A dose-ranging phase 2 study designed to identify the best dose-combination of NEPA in patients receiving cisplatin-based HEC [Citation73] compared three different oral doses of netupitant (100, 200, and 300 mg) plus palonosetron 0.50 mg versus oral palonosetron 0.50 mg, all administered with dexamethasone on day 1. Patients in all arms also received dexamethasone on days 2–4. A standard 3-day aprepitant regimen with ondansetron-dexamethasone was included for exploratory purposes. All oral NEPA doses showed superior overall CR rates compared with palonosetron. NEPA 300 mg was significantly more effective than palonosetron and numerically better than aprepitant plus ondansetron for all secondary efficacy endpoints of no emesis, no significant nausea (NSN), and complete protection rates (CR plus NSN) during the acute, delayed, and overall phases. The combination of oral netupitant plus palonosetron was well tolerated with a similar safety profile to palonosetron and to aprepitant plus ondansetron.

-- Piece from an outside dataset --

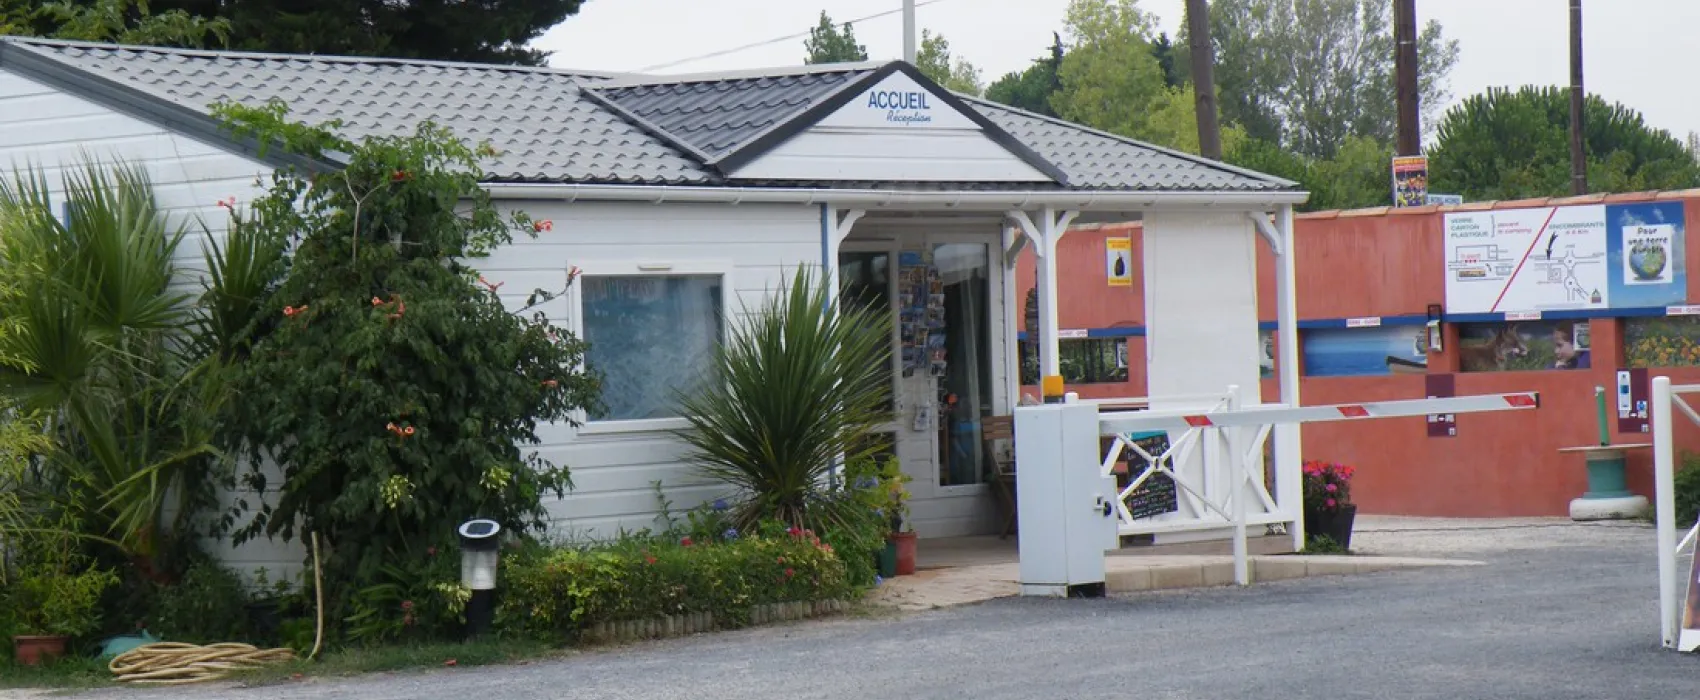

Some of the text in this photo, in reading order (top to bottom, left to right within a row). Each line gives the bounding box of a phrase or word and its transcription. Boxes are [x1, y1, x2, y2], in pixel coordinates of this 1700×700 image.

[868, 91, 930, 110] ACCUEIL
[886, 110, 931, 126] Réception
[1549, 221, 1604, 229] ENCOMBRANTS
[1637, 227, 1657, 235] Pour

A randomized phase 3 trial investigated the efficacy of single-dose oral NEPA and dexamethasone versus single-dose oral palonosetron and dexamethasone in preventing CINV in patients receiving AC-based chemotherapy [Citation72]. The primary endpoint was CR during the delayed phase of cycle 1. Results showed that the percentage of patients with CR during the acute, delayed, and overall phases was significantly higher in the NEPA group compared with palonosetron. In addition, NEPA was superior to palonosetron during the delayed and overall phases for all secondary efficacy endpoints of no emesis, NSN, and complete protection.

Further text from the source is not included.